At this time of year it seems almost traditional for stargazers to ponder the age-old question of the origin of the Star of Bethlehem. The star’s appearance some 2,000 years ago is quite possibly one of the best-known celestial events in all of recorded history.
Many planetariums are currently running sky shows interwoven with a Christmas theme. Utilizing special-effects projectors, audiences are transported back in time to see the night sky as the Magi may have seen it and are then asked if perhaps an unusual gathering of planets might have been the fabled star. Or was that “sign” a comet, a nova or something supernatural?
The topic has universal fascination, and is why Christmas Star shows still play to packed planetarium houses.
Perhaps the simplest answer that can be offered is that the star might have been a nova: A “new star” suddenly blazing forth where no star had previously been seen. While for the most part such objects are really dying stars having a final fling of glory before descending the long road to ultimate extinction, there are some stars that go through such contortions more than once.
One such star is long overdue to “pop” and could do so at anytime.

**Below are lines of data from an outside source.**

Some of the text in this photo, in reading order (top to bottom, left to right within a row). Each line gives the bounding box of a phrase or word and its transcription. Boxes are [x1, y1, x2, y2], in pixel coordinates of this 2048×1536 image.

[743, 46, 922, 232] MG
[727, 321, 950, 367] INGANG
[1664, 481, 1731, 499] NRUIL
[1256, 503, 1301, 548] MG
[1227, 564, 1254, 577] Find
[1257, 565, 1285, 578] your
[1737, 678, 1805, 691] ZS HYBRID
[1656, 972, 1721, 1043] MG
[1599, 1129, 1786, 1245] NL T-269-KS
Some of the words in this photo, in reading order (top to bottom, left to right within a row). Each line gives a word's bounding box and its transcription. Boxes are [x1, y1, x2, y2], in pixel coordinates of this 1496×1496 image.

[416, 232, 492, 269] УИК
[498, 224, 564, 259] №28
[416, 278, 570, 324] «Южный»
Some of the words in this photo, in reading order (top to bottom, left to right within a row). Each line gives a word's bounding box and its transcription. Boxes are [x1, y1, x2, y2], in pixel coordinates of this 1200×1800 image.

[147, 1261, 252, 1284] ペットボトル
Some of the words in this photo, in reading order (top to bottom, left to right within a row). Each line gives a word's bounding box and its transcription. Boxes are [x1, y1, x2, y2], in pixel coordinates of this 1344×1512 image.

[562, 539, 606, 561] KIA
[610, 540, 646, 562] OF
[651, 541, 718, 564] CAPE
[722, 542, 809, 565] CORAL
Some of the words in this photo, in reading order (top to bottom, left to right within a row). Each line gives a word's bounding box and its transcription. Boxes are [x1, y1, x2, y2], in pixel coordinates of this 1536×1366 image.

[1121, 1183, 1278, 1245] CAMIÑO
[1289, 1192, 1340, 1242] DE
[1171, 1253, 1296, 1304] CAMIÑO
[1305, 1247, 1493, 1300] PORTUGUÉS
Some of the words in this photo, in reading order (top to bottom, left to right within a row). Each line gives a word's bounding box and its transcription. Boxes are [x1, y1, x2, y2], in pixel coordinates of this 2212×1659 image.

The star in question is T Pyxidis, in the constellation of Pyxis, the Mariner’s Compass, a dim southern constellation that never gets very high for skywatchers in the United States. For instance: As seen from Philadelphia, Indianapolis and Denver, it reaches a maximum altitude of just 18 degrees above the southern horizon. (Your clenched fist, held at arm’s length, is roughly 10 degrees in width.) Currently, Pyxis is crossing the meridian around 2:30 a.m. By the end of January it will be there just after midnight, and by early March, just before 10 p.m.
T Pyxidis is about 6,000 light years away and belongs to a small and seemingly "exclusive" group of cataclysmic variable stars called recurrent novae — of which there are currently less than 10 confirmed members. T Pyxidis is composed of a dense white dwarf and a close companion star. An outburst occurs when the temperature and density of the surge of matter dumped from the companion onto the surface of the white dwarf reach the nuclear flash point for hydrogen. While material is violently blown off in all directions (see comparison photos from both ground-based instruments and the Hubble Space Telescope here), the white dwarf itself is not disrupted and soon begins to accumulate more matter from its companion, and repeats the cataclysm some years later.
Astronomers have been patiently waiting for T Pyxidis’s next outburst for more than 20 years.
Normally this star shines at magnitude 14 — that’s about a thousand times dimmer than the faintest star that can be perceived by most human eyes on a dark, clear night. But on five occasions, in 1890, 1902, 1920, 1944 and 1967, this star brightened dramatically to magnitudes between 6.5 and 7 – a thousandfold increase in brightness in the most extreme case — making T Pyxidis just bright enough to be glimpsed without any optical aid. These eruptions came at an average of just over 19 years apart, and the longest stretch of time between them was 24 years.
This month marks 40 years since the last outburst.
It was back on Dec. 7, 1966, that the most recent eruption was first noticed by New Zealand amateur astronomer Albert Jones. The star had more than doubled in brightness to magnitude 12.9. Just two nights later it was almost four magnitudes brighter, and after a month it was glowing at magnitude 6.3 before slowly fading back to normal.
Nobody knows exactly why T Pyxidis has remained quiet for so long, but the general consensus is that it may have accumulated an extra-thick coating of nuclear fuel on its surface over these past 20 years, which would make it appear extra bright when it finally blows its next surge of gaseous debris out into space.
Who knows? That night could be tonight!